1913 |
Un ouvrage qui est encore discuté aujourd'hui... |
L'accumulation du capital
II: Exposé historique du problème
En même temps que Sismondi, Malthus s'élevait contre certaines thèses de l'école de Ricardo. Sismondi, dans la deuxième édition de son ouvrage ainsi que dans ses polémiques, invoque Malthus à plusieurs reprises comme témoin principal. Il formule ainsi les points communs de sa polémique avec celle de Malthus dans la Revue Encyclopédique :
« D'autre part, M. Malthus, en Angleterre, a soutenu (contre Ricardo et contre Say) comme j'ai essayé de le faire sur le continent, que la consommation n'est point la conséquence nécessaire de la production, que les besoins et les désirs de l'homme sont, il est vrai, sans bornes, mais que ces besoins et ces désirs ne sont satisfaits par la consommation qu'autant qu'ils sont unis à des moyens d'échange. Nous avions affirmé qu'il ne suffisait point de créer ces moyens d'échange pour les faire passer entre les mains de ceux qui avaient ces désirs ou ces besoins; qu'il arrivait même souvent que les moyens d'échange s'accroissaient dans la société, tandis que la demande de travail ou le salaire diminuait; qu'alors les désirs et les besoins d'une partie de la population ne pouvaient pas être satisfaits, et que la consommation diminuait aussi.

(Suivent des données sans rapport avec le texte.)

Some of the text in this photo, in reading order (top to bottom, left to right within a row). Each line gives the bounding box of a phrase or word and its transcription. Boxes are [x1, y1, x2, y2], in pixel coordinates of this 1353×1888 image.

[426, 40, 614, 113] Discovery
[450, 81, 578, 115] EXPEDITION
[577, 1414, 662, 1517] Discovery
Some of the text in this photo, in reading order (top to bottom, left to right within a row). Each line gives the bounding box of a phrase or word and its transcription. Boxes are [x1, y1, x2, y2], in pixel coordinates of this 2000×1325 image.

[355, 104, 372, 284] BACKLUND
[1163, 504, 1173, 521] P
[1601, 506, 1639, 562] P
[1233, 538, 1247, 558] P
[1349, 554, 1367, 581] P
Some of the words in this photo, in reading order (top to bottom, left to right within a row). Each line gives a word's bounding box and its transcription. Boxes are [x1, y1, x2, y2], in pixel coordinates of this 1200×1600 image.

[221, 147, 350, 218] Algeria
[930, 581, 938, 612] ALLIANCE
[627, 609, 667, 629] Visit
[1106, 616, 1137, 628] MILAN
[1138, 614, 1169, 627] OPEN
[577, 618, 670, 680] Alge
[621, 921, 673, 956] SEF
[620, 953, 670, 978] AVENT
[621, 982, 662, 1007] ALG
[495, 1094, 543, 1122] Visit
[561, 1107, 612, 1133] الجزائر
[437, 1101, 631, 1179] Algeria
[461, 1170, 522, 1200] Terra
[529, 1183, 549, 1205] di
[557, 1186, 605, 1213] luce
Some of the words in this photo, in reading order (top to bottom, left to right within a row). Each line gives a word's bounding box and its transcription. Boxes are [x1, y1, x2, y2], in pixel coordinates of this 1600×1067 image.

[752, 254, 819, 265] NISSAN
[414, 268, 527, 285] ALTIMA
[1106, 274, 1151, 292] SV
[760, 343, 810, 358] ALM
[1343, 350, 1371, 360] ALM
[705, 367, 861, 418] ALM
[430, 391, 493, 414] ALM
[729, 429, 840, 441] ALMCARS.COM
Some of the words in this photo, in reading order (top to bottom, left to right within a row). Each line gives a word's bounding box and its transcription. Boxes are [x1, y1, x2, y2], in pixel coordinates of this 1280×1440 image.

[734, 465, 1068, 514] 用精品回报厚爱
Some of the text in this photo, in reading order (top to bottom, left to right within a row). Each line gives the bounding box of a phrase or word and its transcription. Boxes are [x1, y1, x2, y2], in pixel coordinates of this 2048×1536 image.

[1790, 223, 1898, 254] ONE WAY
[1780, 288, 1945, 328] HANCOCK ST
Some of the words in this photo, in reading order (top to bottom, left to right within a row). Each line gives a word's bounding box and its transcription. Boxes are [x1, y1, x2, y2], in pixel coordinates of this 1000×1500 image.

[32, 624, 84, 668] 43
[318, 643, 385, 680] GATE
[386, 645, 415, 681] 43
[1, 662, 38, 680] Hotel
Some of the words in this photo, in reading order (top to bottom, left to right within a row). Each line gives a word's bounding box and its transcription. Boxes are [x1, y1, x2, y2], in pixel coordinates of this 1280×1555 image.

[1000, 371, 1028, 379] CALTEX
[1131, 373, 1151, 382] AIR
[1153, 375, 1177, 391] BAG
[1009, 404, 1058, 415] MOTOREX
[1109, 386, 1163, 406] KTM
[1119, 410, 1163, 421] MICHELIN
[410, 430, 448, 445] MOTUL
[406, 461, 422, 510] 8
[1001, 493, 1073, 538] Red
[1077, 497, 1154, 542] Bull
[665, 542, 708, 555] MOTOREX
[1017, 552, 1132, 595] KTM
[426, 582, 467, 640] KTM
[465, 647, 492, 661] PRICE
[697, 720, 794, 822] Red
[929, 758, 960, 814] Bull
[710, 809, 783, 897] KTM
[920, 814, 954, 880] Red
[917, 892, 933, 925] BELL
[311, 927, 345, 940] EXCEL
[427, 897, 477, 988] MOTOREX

Enfin nous avons prétendu que le signe non équivoque de la prospérité de la société, ce n'était pas la production croissante de richesses, mais la demande croissante de travail, ou l'offre croissante du salaire qui le récompense.
« MM. Ricardo et Say n'ont point nié que la demande croissante de travail ne soit un symptôme de prospérité, mais ils ont affirmé qu'elle résulte inévitablement de l'accroissement des productions.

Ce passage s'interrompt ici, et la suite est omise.